Don’t Look

Out of town at a Flanigan’s that seems unusually quiet for 11 pm. My friend who lives in the area, in whose company I’m loitering by the hostess’ podium along with six others, tells me that it’s always like this. That it’s maybe not the safest area but that the Flanigan’s is for some reason peaceful. Family-friendly. And accordingly, as she’s making this remark about family-friendliness, we’re taken up and escorted to a booth, the eight of us, by a 30ish waiter (who’s fashioned a slender mohawk of his hair in rebellion against its thinning) and we pass, en route, a booth with four people in it: there’s a couple in their mid-/late-20s on one side of the booth and, on the other, a large older woman with her hair in a bun looking makeup-less and maternal beside her daughter, maybe fourteen or fifteen years old, who really does bear a considerable resemblance to the older woman but for the fact that she, the teen, has Down syndrome and braces and long black hair to contrast her mother’s blond.
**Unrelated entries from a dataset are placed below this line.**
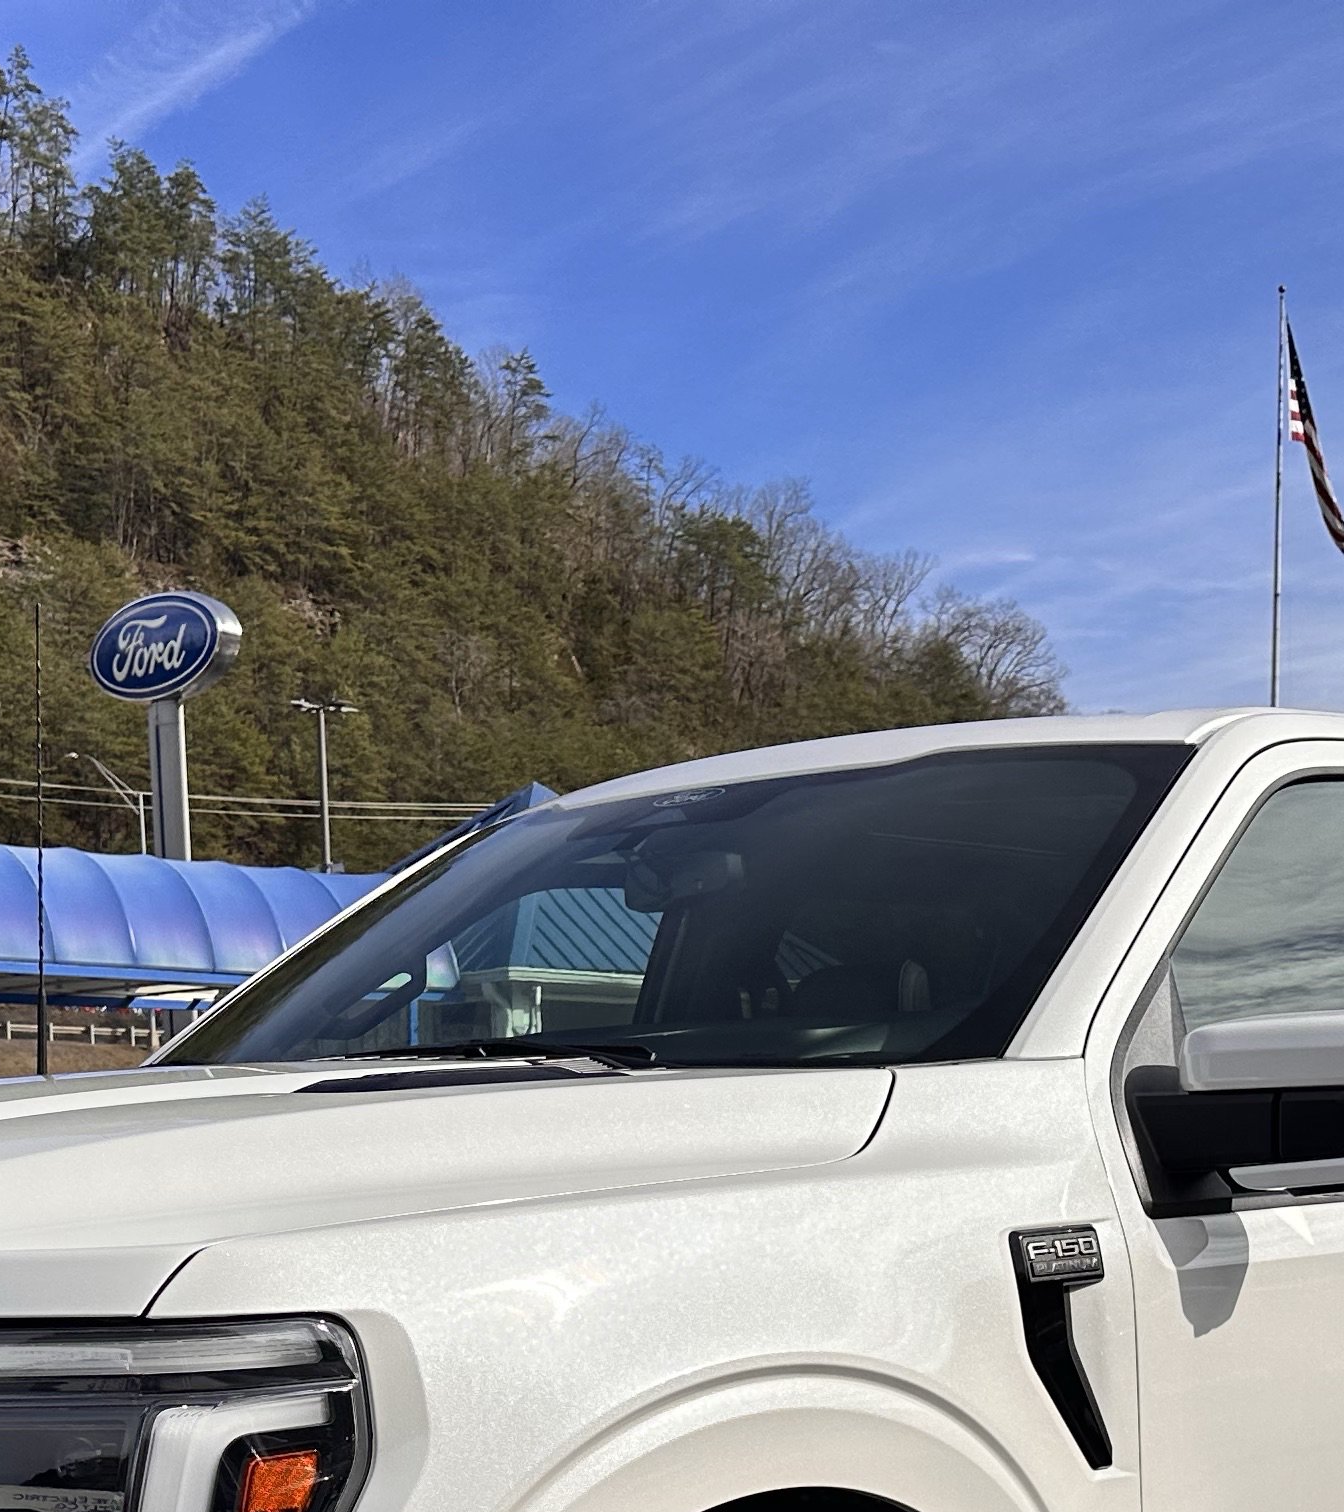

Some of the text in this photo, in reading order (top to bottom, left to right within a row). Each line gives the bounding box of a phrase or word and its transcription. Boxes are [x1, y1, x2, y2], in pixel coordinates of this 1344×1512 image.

[112, 614, 187, 682] Ford
[1027, 1237, 1099, 1260] F-150
[1036, 1256, 1098, 1273] PLATINUM
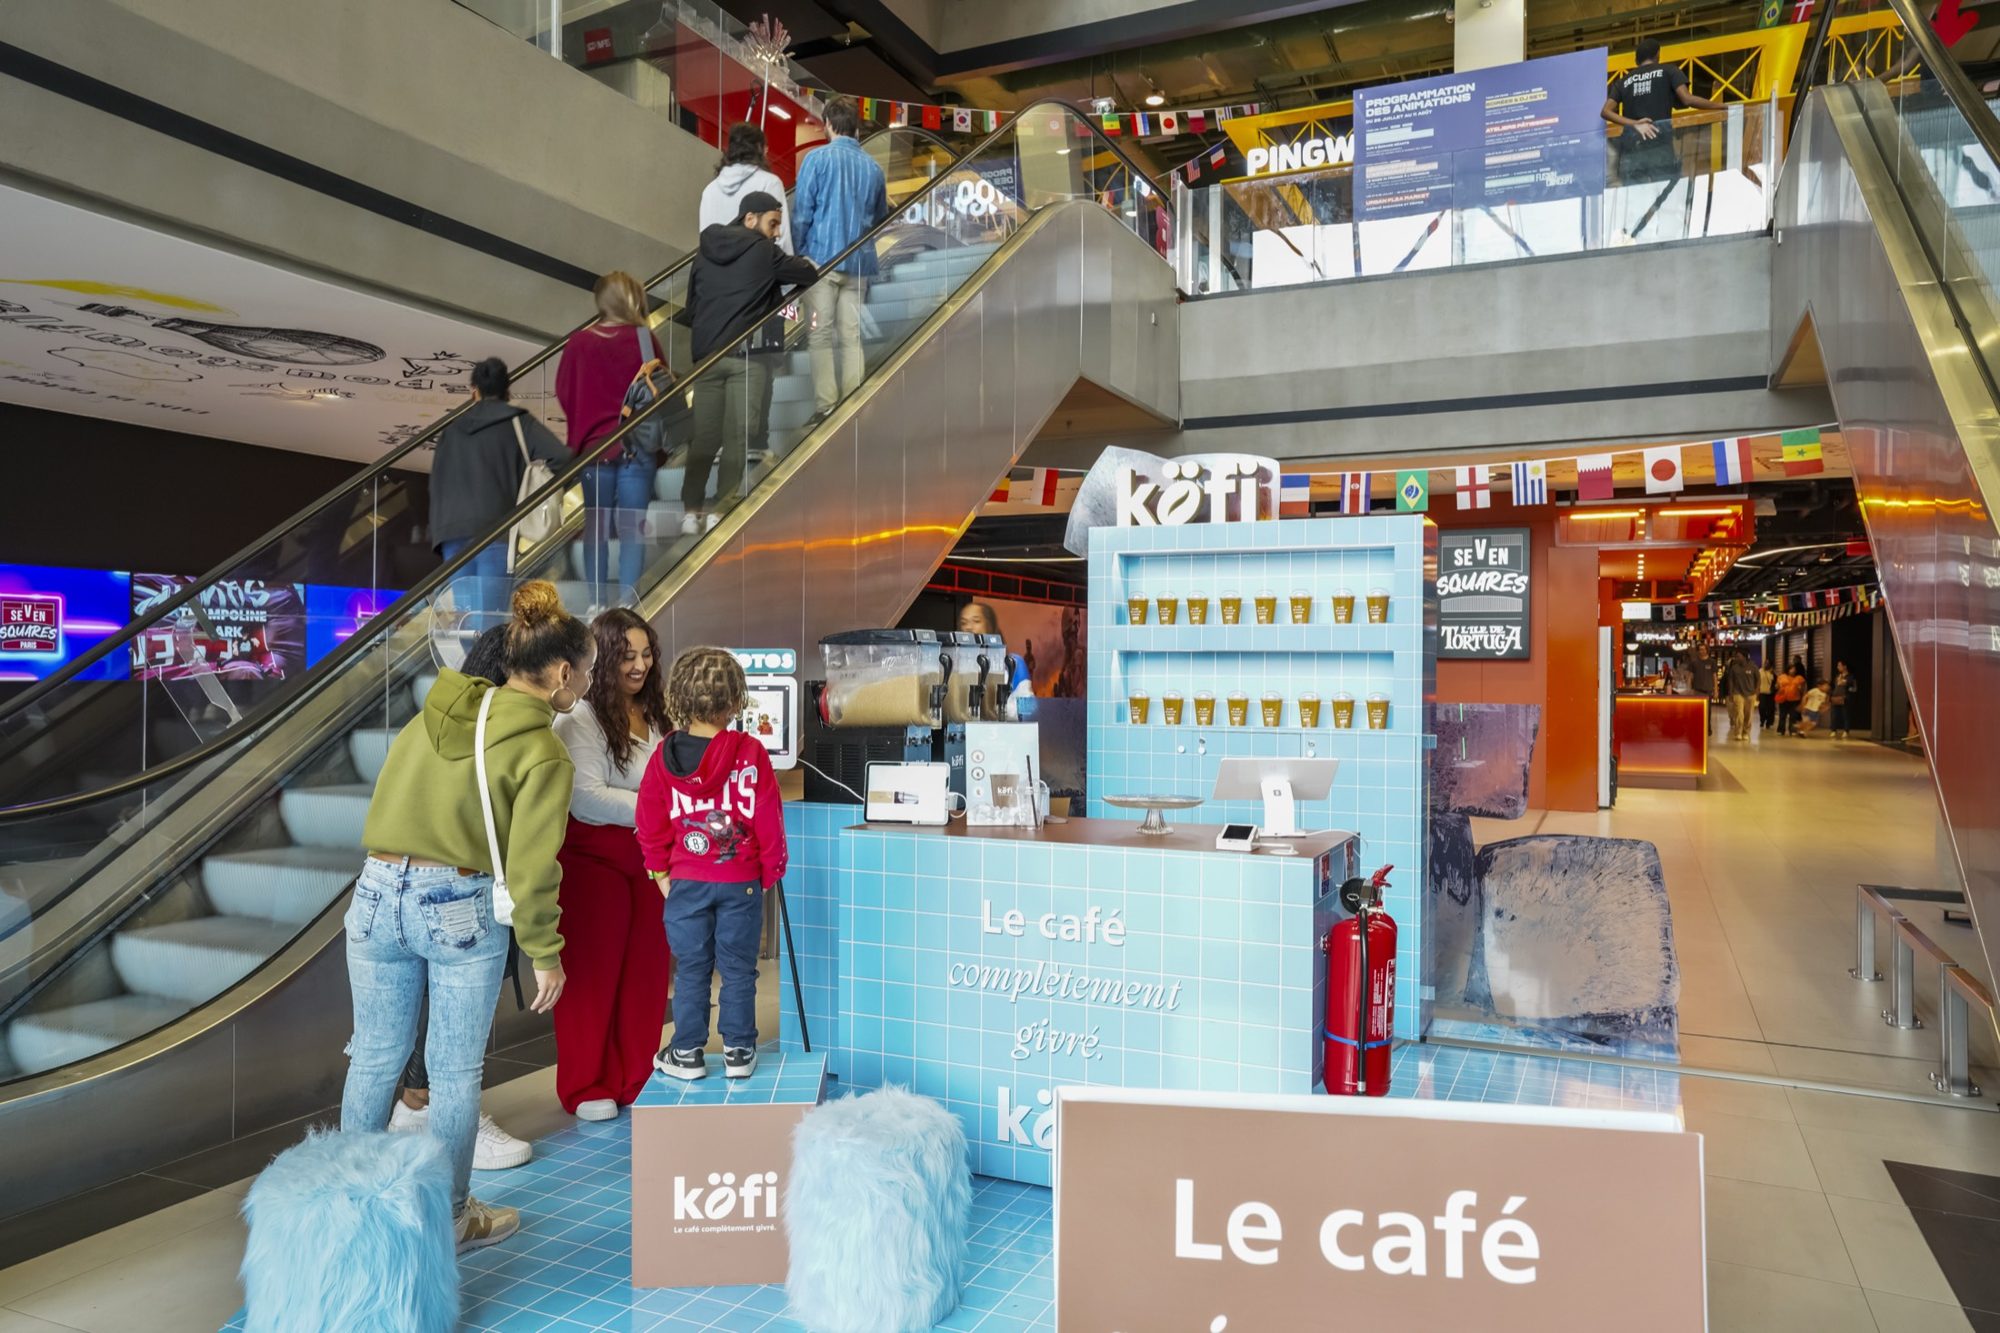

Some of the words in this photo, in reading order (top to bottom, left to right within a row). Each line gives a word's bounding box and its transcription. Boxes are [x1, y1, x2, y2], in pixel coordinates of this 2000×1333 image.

[1623, 69, 1664, 88] SECURITE
[1366, 82, 1475, 109] PROGRAMMATION
[1366, 106, 1391, 118] DES
[1392, 92, 1472, 114] ANIMATIONS
[1247, 134, 1355, 177] PINGW
[1116, 461, 1257, 527] köfi
[1454, 538, 1509, 566] SEVEN
[1436, 571, 1529, 595] SQUARES
[10, 604, 46, 622] SEVEN
[179, 607, 268, 622] TMPOLINE
[0, 625, 58, 640] SQUARES
[216, 625, 243, 638] ARK
[1441, 625, 1523, 656] TORTUGA
[1489, 625, 1506, 634] DE
[20, 641, 37, 649] PARIS
[738, 653, 794, 669] OTOS
[983, 899, 1026, 937] Le
[1039, 906, 1127, 946] café
[949, 960, 1184, 1011] complètement
[1011, 1018, 1104, 1061] givré.
[674, 1171, 778, 1220] köfi
[673, 1226, 683, 1234] Le
[684, 1225, 700, 1233] café
[701, 1224, 754, 1234] complètement
[755, 1223, 777, 1233] givré.
[1175, 1178, 1283, 1266] Le
[1319, 1190, 1541, 1285] café
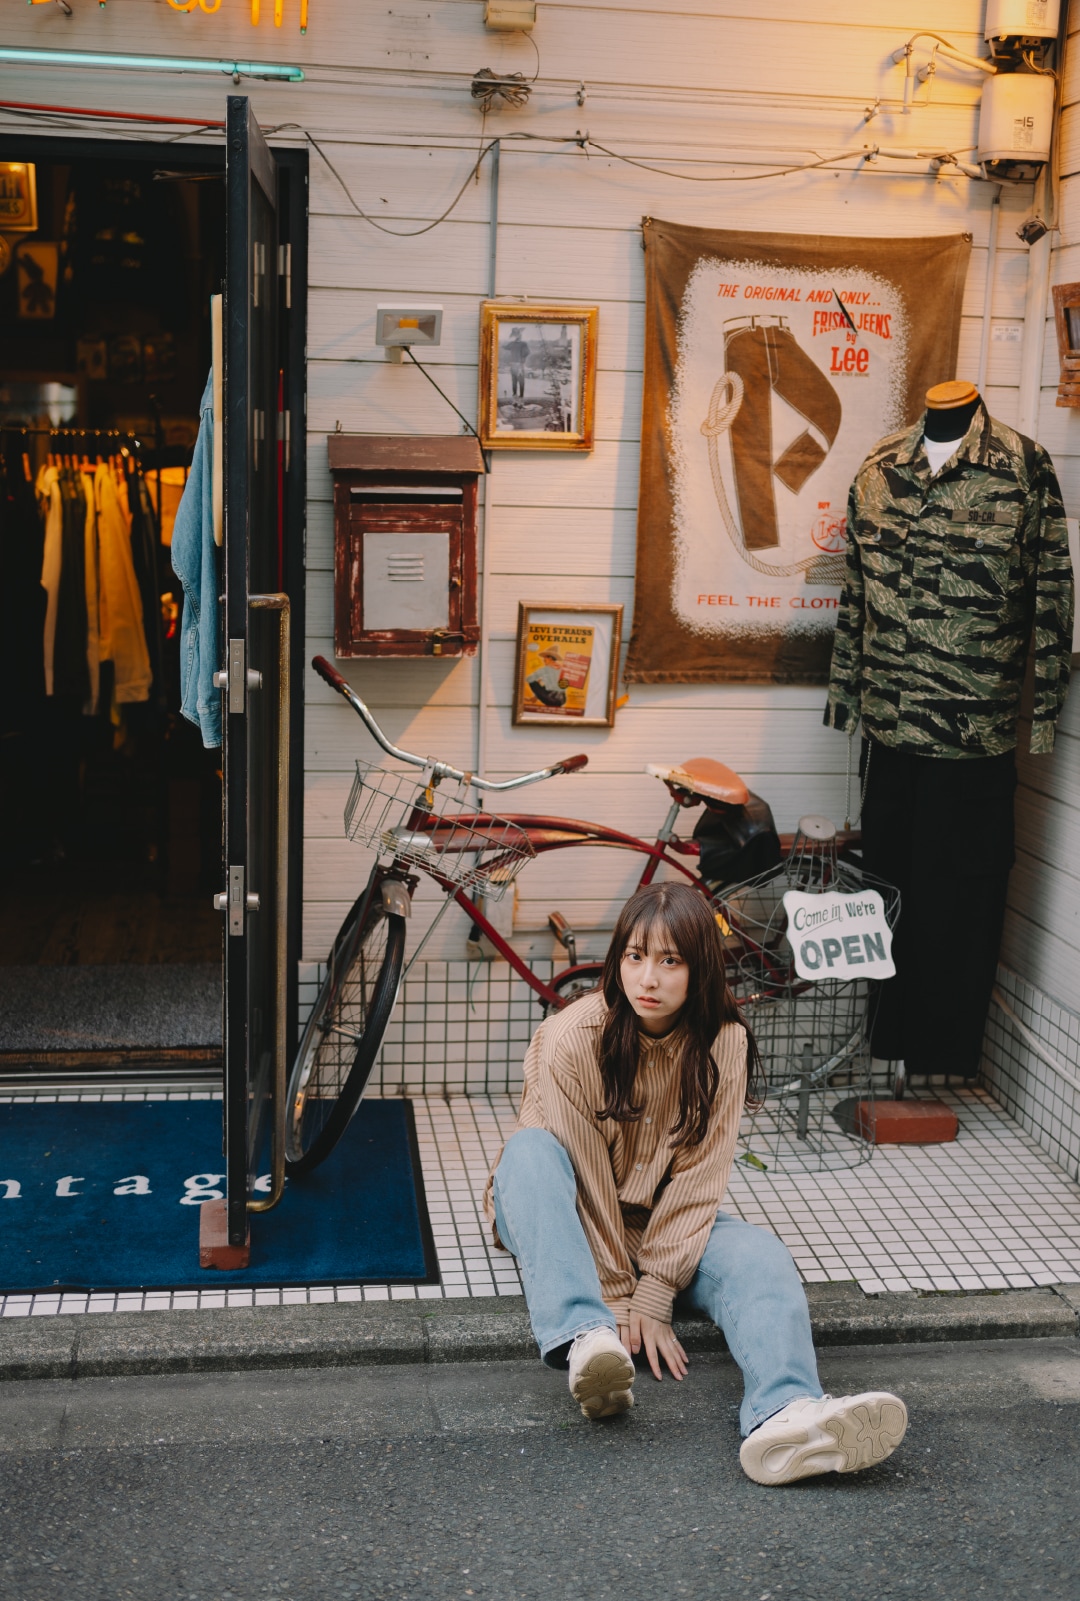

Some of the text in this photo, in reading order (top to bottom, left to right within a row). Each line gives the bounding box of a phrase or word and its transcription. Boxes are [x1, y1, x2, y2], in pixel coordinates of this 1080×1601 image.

[717, 283, 740, 298] THE
[743, 285, 801, 302] ORIGINAL
[805, 289, 833, 304] AND
[845, 331, 857, 346] by
[829, 346, 870, 373] Lee
[967, 510, 996, 523] SO-CAL
[697, 594, 739, 606] FEEL
[745, 596, 782, 608] THE
[530, 626, 593, 636] LEVI STRAUSS
[533, 634, 587, 644] OVERALLS
[793, 901, 877, 932] Come in We're
[800, 932, 888, 970] OPEN
The girl sits looking mannerly and dutiful with her hands folded gently on the table and her posture strict and straight save for the soft forward jut of her head, its leftward tilt, and it’s this earnest angling of her face that makes her look inquisitive and innocent and kind. Her expression says nothing.

The girl and I make eye contact but I break it quickly for fear that her mom might see me and take offense, mistake my glance for a stare.

(It isn’t until I’m seated that I consider how a person who loves this girl — to say nothing of the girl herself — could perhaps be bothered more by a stranger’s conspicuous effort not to look than by his propensity to stare.)

Half of the TVs in the restaurant are playing a baseball game and half are playing a UFC fight from October. My friends and I are seated across the aisle, diagonally, from the booth that seats this girl and her mother and the young straight couple.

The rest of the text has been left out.